En été 1956, elle a obtenu un permis de construire pour un dépôt de charbon, un dépôt de bois, un bâtiment administratif et d'habitation, un hall de manutention de mazout incluant une station de pompage et un poste de chargement de camions, ainsi que deux citernes aériennes à mazout de 500 m 3 chacune, puis en 1959, pour une station-service et deux citernes, en 1961, pour deux citernes à benzine souterraines de 80 m 3 chacune et, en 1965, une station de lavage avec dépôt d'huile.  
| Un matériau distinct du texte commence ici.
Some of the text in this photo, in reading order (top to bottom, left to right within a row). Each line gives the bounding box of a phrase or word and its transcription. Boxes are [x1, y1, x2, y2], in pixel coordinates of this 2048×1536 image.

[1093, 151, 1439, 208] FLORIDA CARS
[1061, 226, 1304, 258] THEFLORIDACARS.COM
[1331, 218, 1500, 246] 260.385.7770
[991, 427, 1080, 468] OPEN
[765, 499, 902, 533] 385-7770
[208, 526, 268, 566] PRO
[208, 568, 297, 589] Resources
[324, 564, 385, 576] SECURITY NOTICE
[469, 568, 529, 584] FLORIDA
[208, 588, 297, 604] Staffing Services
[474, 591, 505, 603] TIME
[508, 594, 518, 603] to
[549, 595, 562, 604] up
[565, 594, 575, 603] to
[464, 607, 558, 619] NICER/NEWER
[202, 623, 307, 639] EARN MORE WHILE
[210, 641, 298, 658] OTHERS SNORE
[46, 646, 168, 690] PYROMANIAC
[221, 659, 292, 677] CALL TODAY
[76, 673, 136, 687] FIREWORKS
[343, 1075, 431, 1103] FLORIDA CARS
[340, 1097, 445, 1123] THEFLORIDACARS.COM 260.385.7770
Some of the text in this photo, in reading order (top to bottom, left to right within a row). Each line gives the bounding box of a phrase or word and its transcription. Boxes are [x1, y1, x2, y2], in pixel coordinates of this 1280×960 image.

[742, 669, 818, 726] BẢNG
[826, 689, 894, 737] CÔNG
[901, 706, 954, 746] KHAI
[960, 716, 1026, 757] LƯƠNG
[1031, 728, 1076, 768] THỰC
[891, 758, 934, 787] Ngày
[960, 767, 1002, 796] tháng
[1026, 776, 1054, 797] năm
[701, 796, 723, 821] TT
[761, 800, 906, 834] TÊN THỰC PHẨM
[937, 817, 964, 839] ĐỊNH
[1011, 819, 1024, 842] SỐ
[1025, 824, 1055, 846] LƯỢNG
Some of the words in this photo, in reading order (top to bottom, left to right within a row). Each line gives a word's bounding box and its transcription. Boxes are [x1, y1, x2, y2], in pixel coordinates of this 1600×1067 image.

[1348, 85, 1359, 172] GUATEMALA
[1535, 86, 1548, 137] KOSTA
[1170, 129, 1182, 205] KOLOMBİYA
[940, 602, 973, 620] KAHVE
En 1970, des mesures d'assainissement lui ont été imposées pour des motifs de protection des eaux contre la pollution par des combustibles et carburants ou autres produits liquides, notamment s'agissant du poste de dépotage de wagons-citernes comportant deux bouches pour l'huile et une bouche pour l'essence. A la suite de ces travaux, l'inspectorat cantonal des eaux a relevé que tous les travaux d'assainissement prescrits avaient été exécutés (p. 5). 
La société Z.________ a exercé jusqu'au 3 février 1988, soit pendant 30 ans, une activité de commerce de gros de combustibles et exploité une station de trains et de dépotage d'hydrocarbures depuis les trains stationnant sur les voies ferrées CFF jusqu'à ses deux citernes aériennes, a manutentionné du mazout, distribué du carburant, alimenté des citernes et exploité des citernes enterrées, un lavage de véhicules, un dépôt d'huile, un déshuileur et des dépoteurs. Il en est résulté des pollutions chimiques et physiques de la parcelle (p. 9). 
 
A.b.          
 
A.b.a. Par acte de vente à terme et avec droit d'emption du 20 octobre 1986, la société Z.________ a vendu la parcelle à la société A.________ SA, dont X.________ était administrateur-président avec signature individuelle, ou à ses nommables pour le prix de 1'950'000 fr. A l'époque, la parcelle était grevée de trois cédules hypothécaires constituées en 1963 et 1974 pour un montant total de 9'798'000 fr. La parcelle était transférée dans son état actuel, dont l'acheteuse déclarait avoir une parfaite connaissance, sans aucune garantie quelconque, notamment quant à la nature du sol. L'acheteuse était autorisée, mais non obligée, à faire des sondages à ses frais et sous sa responsabilité moyennant remise en état des lieux et pour autant que cela n'entraîne aucune gêne pour le locataire actuel; il n'y était pas attaché de conséquences sur la garantie pour les défauts. Aucune clause ne se référait à la pollution (p. 5).  
 
A.b.b. Par acte du 29 janvier 1988, A.________ SA, qui n'est jamais devenue propriétaire de la parcelle, a désigné son nommable en la personne de X.________. Celui-ci s'est vu céder les droits résultant de l'acte de vente du 20 octobre 1986 et en a repris les obligations. Il a été inscrit comme propriétaire au registre foncier le 3 février 1988.  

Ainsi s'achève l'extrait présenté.